* **ASSIGNED TASK**
An exact copy of every record, without the pictures, is what should come back.

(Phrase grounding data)
= = =

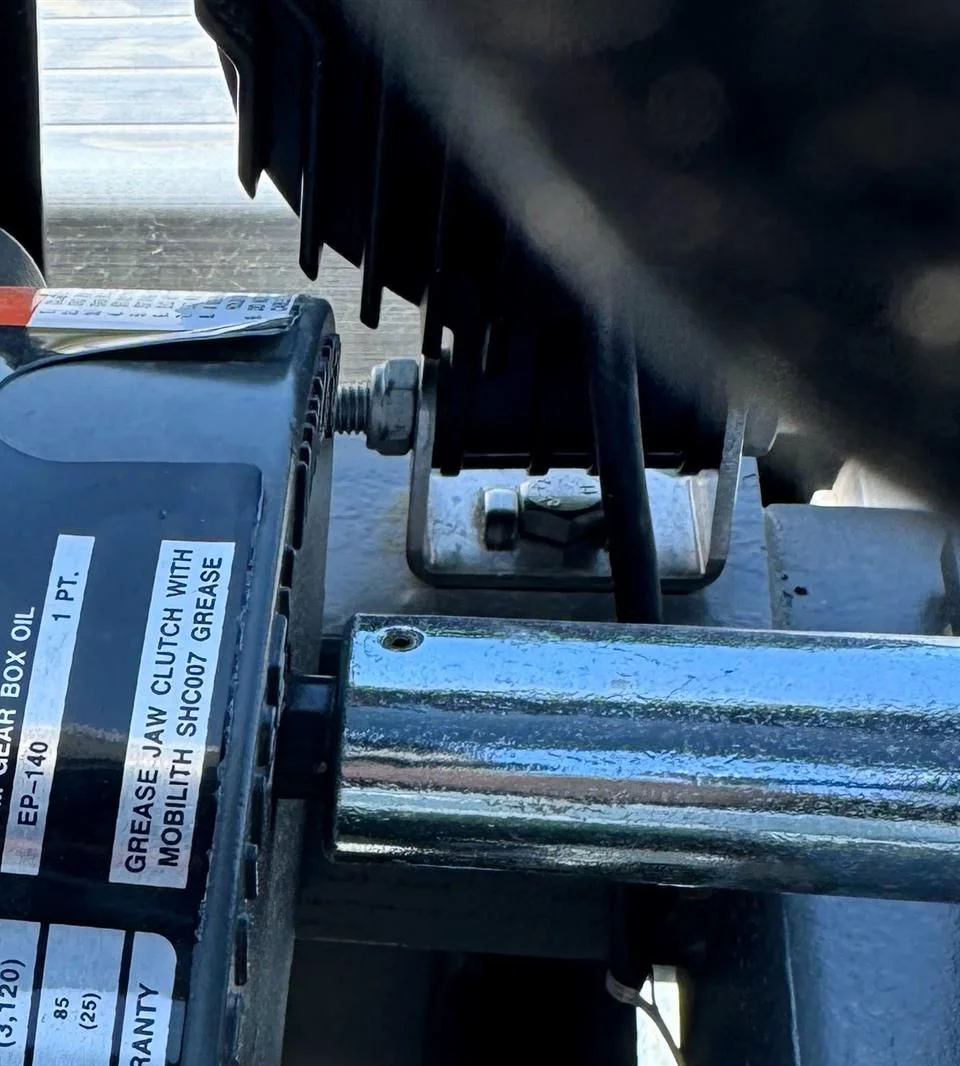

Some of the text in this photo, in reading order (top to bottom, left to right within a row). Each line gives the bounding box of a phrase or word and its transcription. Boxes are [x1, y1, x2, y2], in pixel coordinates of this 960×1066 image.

[11, 606, 36, 642] OIL
[0, 650, 27, 699] BOX
[17, 571, 80, 827] EP-140 1 PT.
[125, 548, 194, 874] GREASE JAW CLUTCH WITH
[158, 556, 222, 868] MOBILITH SHC007 GREASE
[54, 997, 70, 1020] 85
[79, 993, 102, 1030] (25)
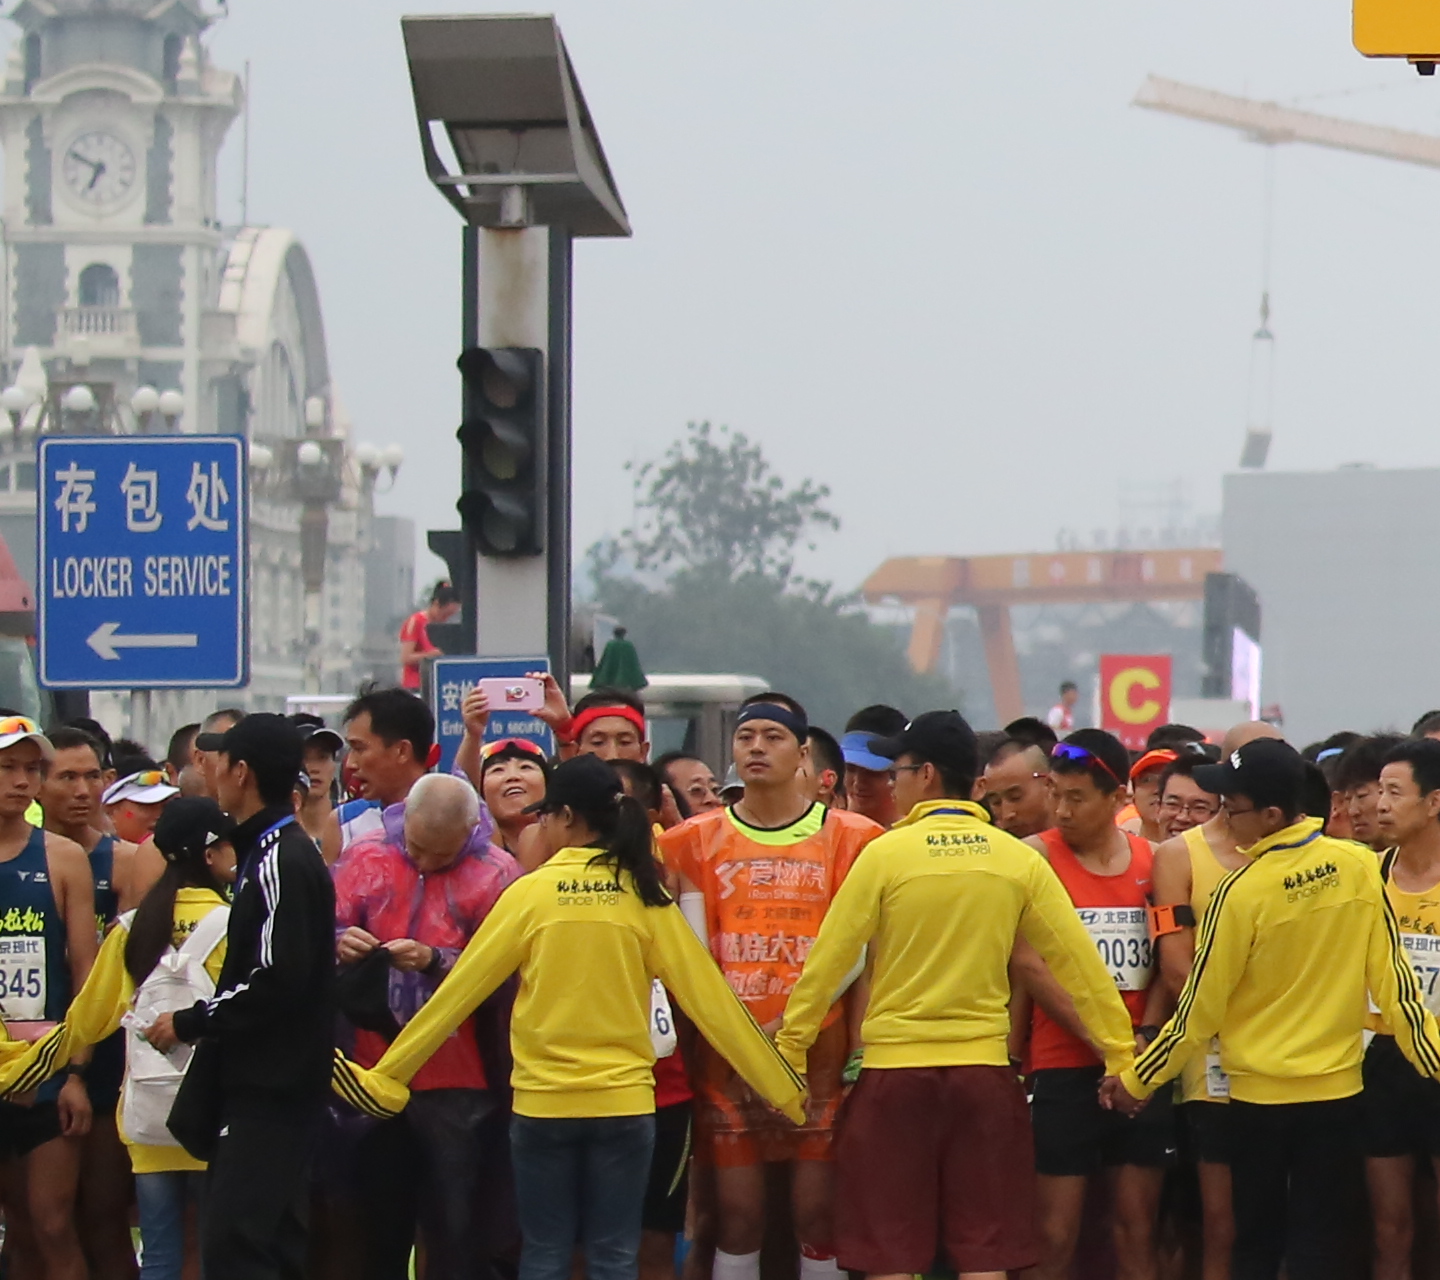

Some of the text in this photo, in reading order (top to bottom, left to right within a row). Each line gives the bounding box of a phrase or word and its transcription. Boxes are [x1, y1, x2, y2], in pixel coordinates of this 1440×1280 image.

[53, 460, 230, 534] 存包处
[52, 554, 231, 599] LOCKER SERVICE
[1108, 666, 1162, 725] C
[492, 720, 503, 734] to
[507, 718, 546, 737] security
[928, 843, 991, 858] since 1981
[557, 893, 620, 907] since 1981
[1286, 873, 1341, 904] since 1981

= = =

* **SOLUTION TO THE PROBLEM**
Some of the text in this photo, in reading order (top to bottom, left to right within a row). Each line gives the bounding box of a phrase or word and its transcription. Boxes are [x1, y1, x2, y2], in pixel coordinates of this 960×1066 image.

[11, 606, 36, 642] OIL
[0, 650, 27, 699] BOX
[17, 571, 80, 827] EP-140 1 PT.
[125, 548, 194, 874] GREASE JAW CLUTCH WITH
[158, 556, 222, 868] MOBILITH SHC007 GREASE
[54, 997, 70, 1020] 85
[79, 993, 102, 1030] (25)

Some of the text in this photo, in reading order (top to bottom, left to right within a row). Each line gives the bounding box of a phrase or word and its transcription. Boxes are [x1, y1, x2, y2], in pixel coordinates of this 1440×1280 image.

[53, 460, 230, 534] 存包处
[52, 554, 231, 599] LOCKER SERVICE
[1108, 666, 1162, 725] C
[492, 720, 503, 734] to
[507, 718, 546, 737] security
[928, 843, 991, 858] since 1981
[557, 893, 620, 907] since 1981
[1286, 873, 1341, 904] since 1981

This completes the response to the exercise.